Exactly as they appear, output all of the records. Skip any images.
Data provided START
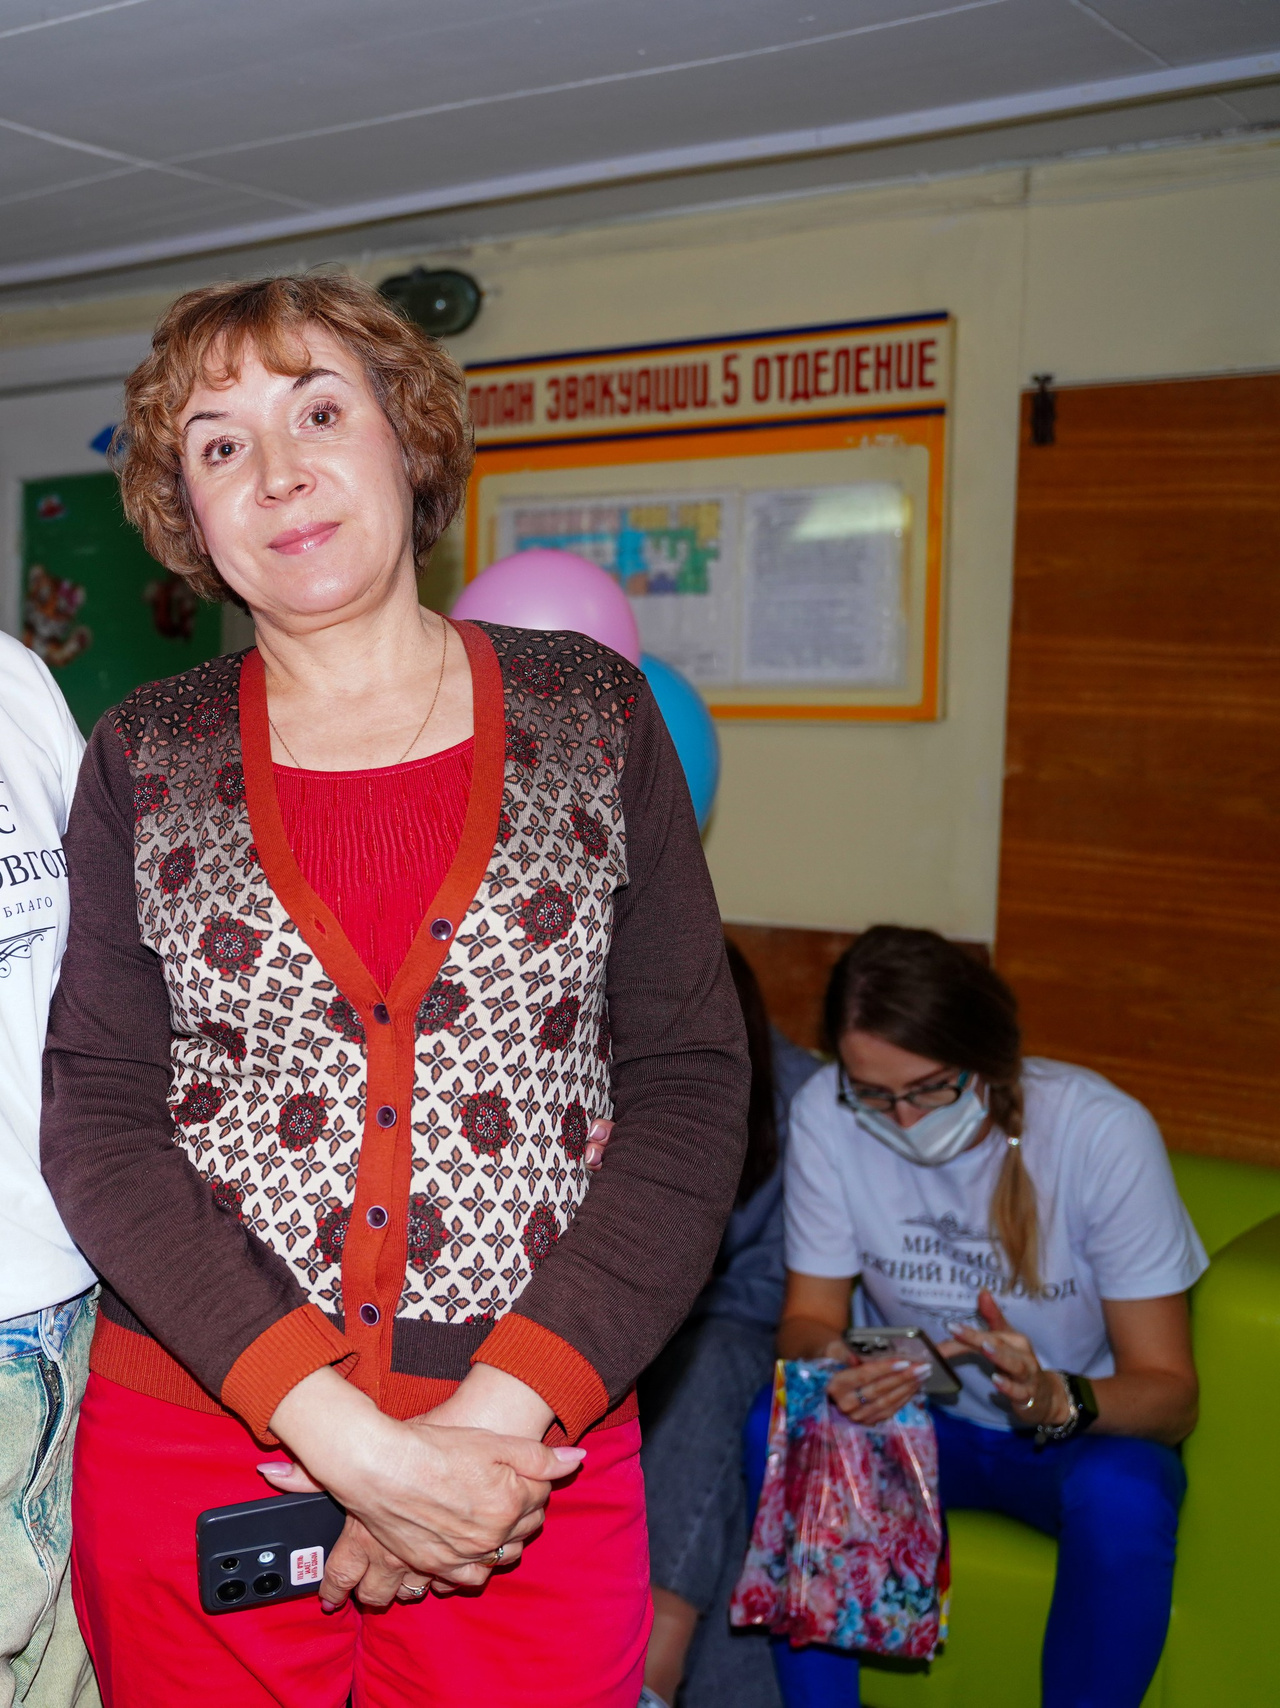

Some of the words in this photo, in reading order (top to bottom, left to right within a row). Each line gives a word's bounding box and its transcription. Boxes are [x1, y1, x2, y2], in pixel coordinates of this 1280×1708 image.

[469, 379, 534, 428] ПЛАН
[722, 353, 740, 407] 5
[752, 339, 937, 405] ОТДЕЛЕНИЕ
[3, 896, 53, 918] БЛАГО
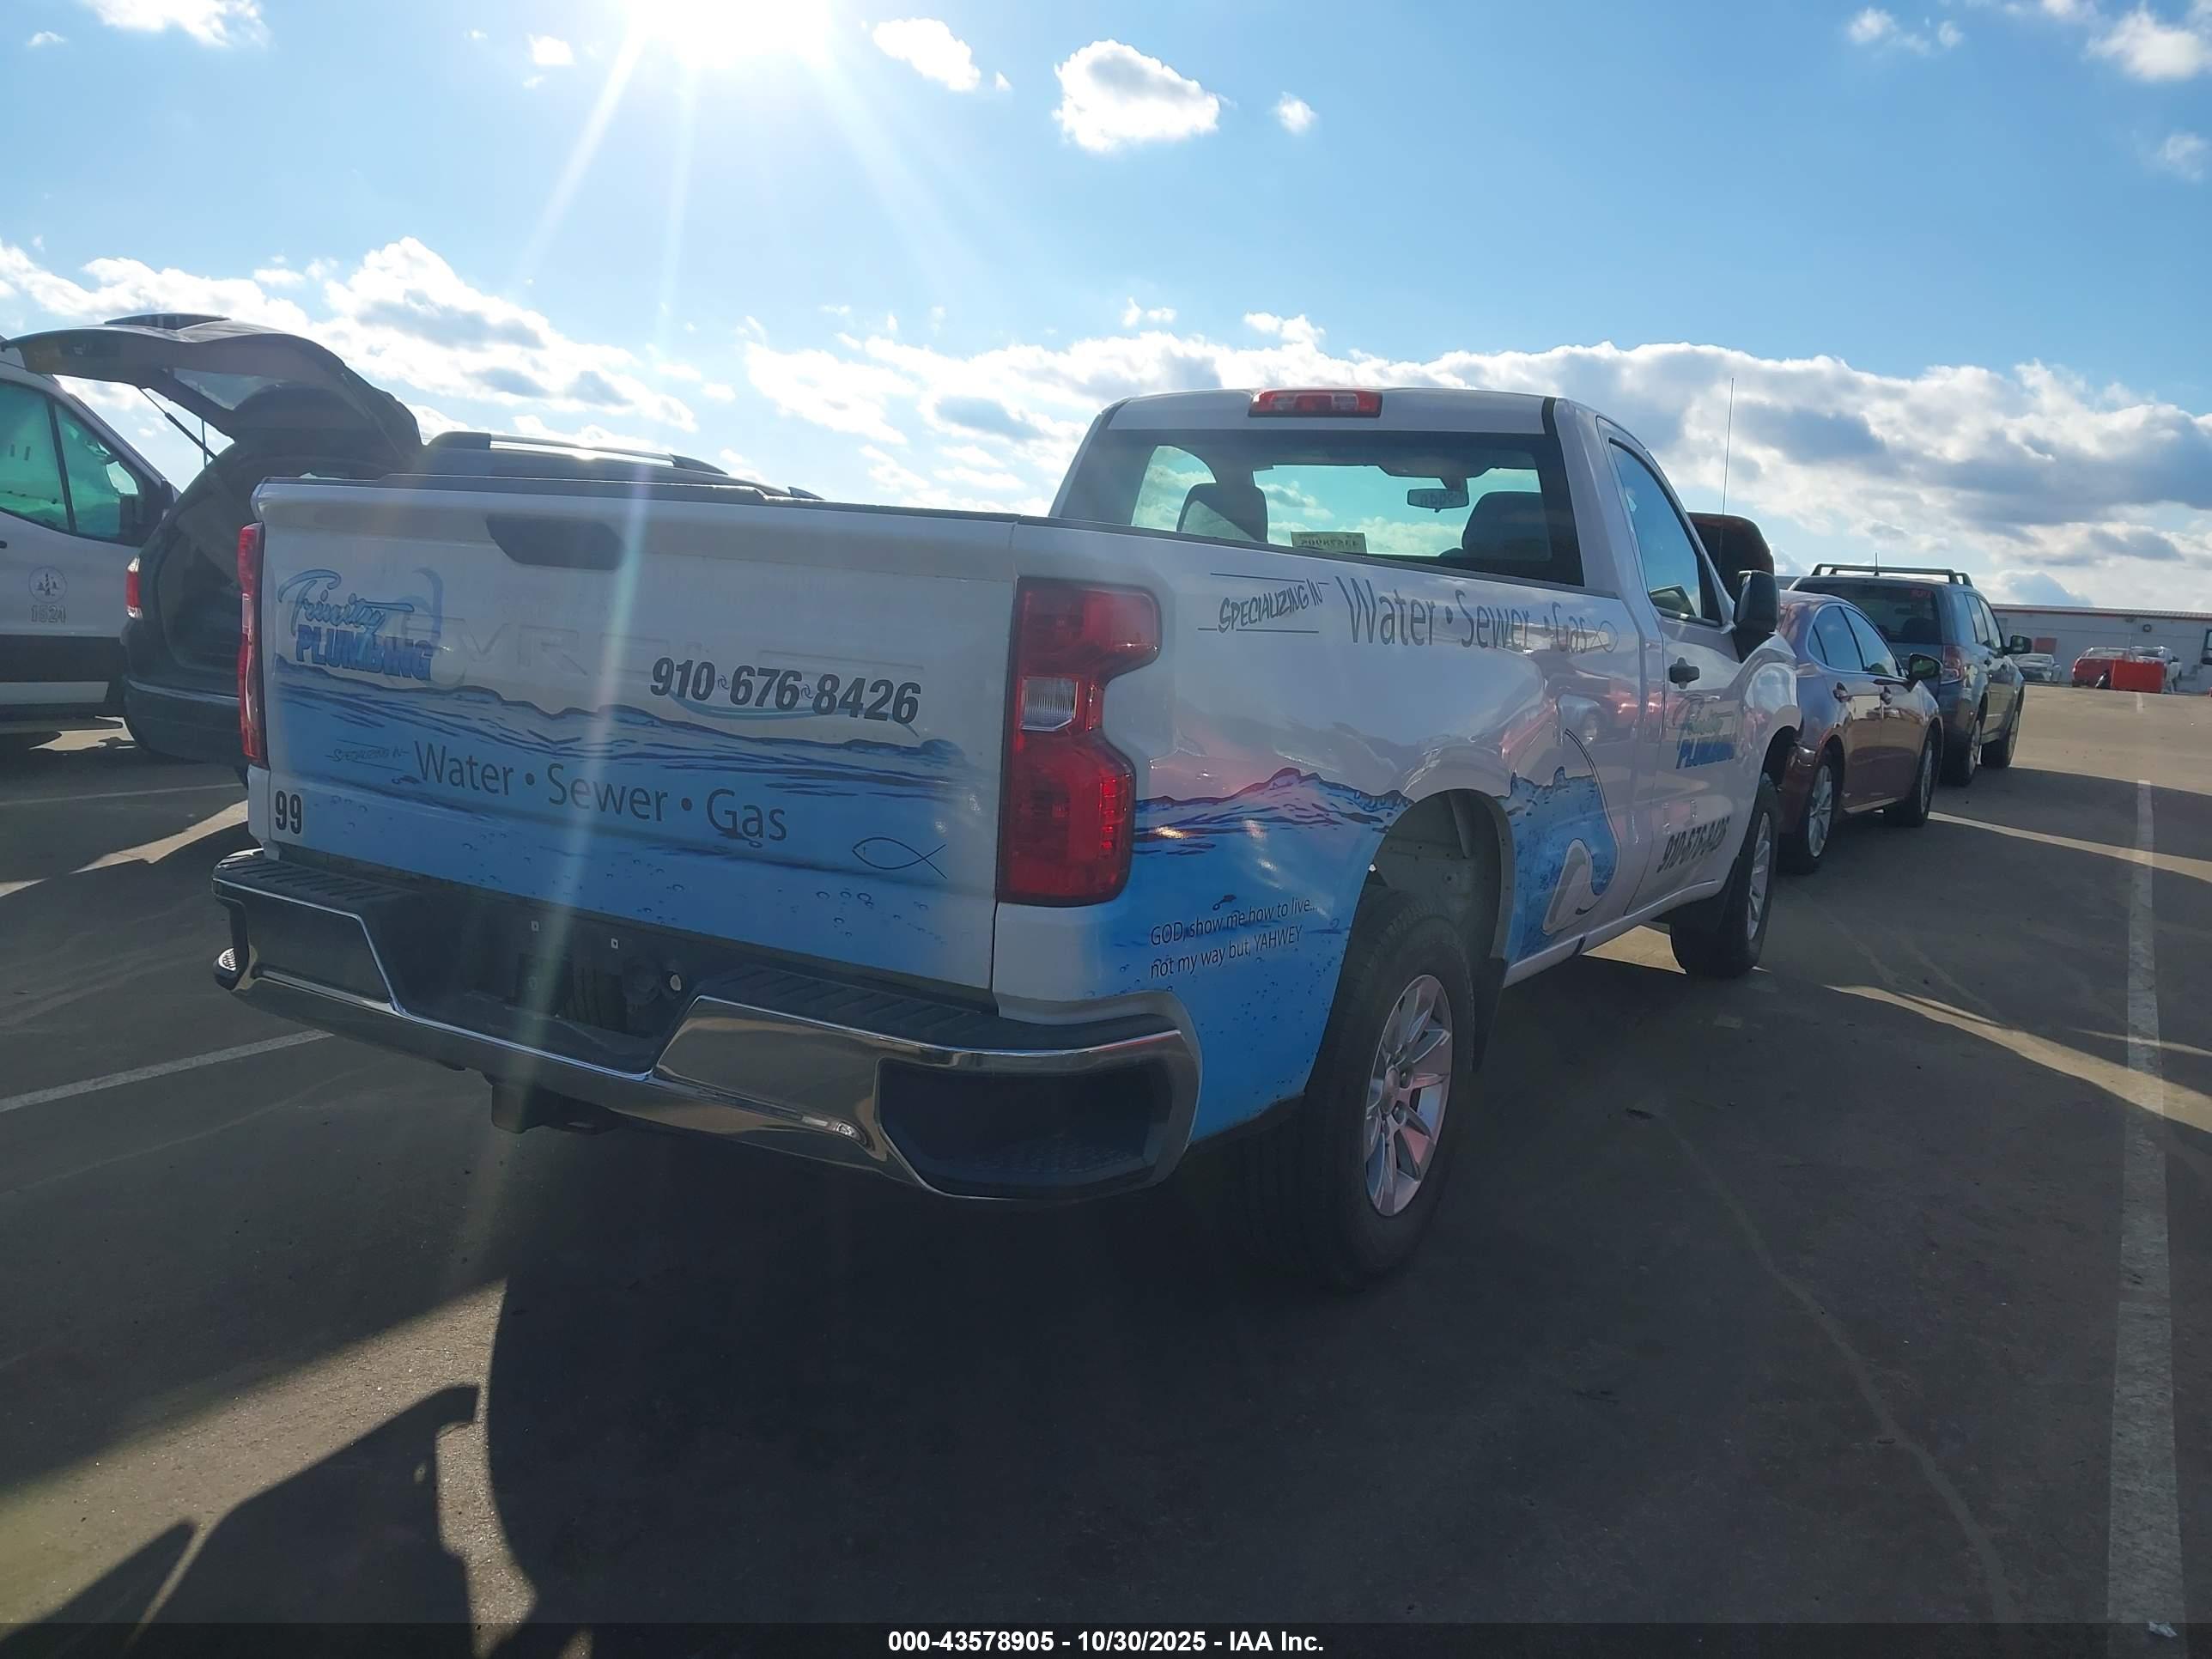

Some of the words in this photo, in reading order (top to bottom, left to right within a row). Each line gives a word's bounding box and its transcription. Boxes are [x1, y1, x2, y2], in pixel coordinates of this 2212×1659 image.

[277, 568, 415, 638] Trinity
[1218, 584, 1310, 634] SPECIALIZING
[1306, 578, 1323, 606] IN
[1334, 575, 1437, 646] Water
[1455, 589, 1530, 648] Sewer
[1551, 601, 1587, 653] Gas
[295, 623, 434, 681] PLUMBING
[649, 657, 717, 701] 910
[730, 665, 803, 711] 676
[811, 673, 922, 725] 8426
[274, 790, 303, 834] 99
[414, 740, 514, 796] Water
[546, 763, 668, 822] Sewer
[706, 787, 787, 842] Gas
[1188, 916, 1224, 939] show
[1226, 911, 1246, 928] me
[1249, 906, 1274, 924] how
[1276, 901, 1289, 918] to
[1150, 959, 1175, 979] not
[1177, 953, 1198, 975] my
[1200, 947, 1227, 968] way
[1253, 925, 1304, 951] YAHWEY
Data provided END
» **Output of the task**:
Some of the words in this photo, in reading order (top to bottom, left to right within a row). Each line gives a word's bounding box and its transcription. Boxes are [x1, y1, x2, y2], in pixel coordinates of this 1280×1708 image.

[469, 379, 534, 428] ПЛАН
[722, 353, 740, 407] 5
[752, 339, 937, 405] ОТДЕЛЕНИЕ
[3, 896, 53, 918] БЛАГО

Some of the words in this photo, in reading order (top to bottom, left to right within a row). Each line gives a word's bounding box and its transcription. Boxes are [x1, y1, x2, y2], in pixel coordinates of this 2212×1659 image.

[277, 568, 415, 638] Trinity
[1218, 584, 1310, 634] SPECIALIZING
[1306, 578, 1323, 606] IN
[1334, 575, 1437, 646] Water
[1455, 589, 1530, 648] Sewer
[1551, 601, 1587, 653] Gas
[295, 623, 434, 681] PLUMBING
[649, 657, 717, 701] 910
[730, 665, 803, 711] 676
[811, 673, 922, 725] 8426
[274, 790, 303, 834] 99
[414, 740, 514, 796] Water
[546, 763, 668, 822] Sewer
[706, 787, 787, 842] Gas
[1188, 916, 1224, 939] show
[1226, 911, 1246, 928] me
[1249, 906, 1274, 924] how
[1276, 901, 1289, 918] to
[1150, 959, 1175, 979] not
[1177, 953, 1198, 975] my
[1200, 947, 1227, 968] way
[1253, 925, 1304, 951] YAHWEY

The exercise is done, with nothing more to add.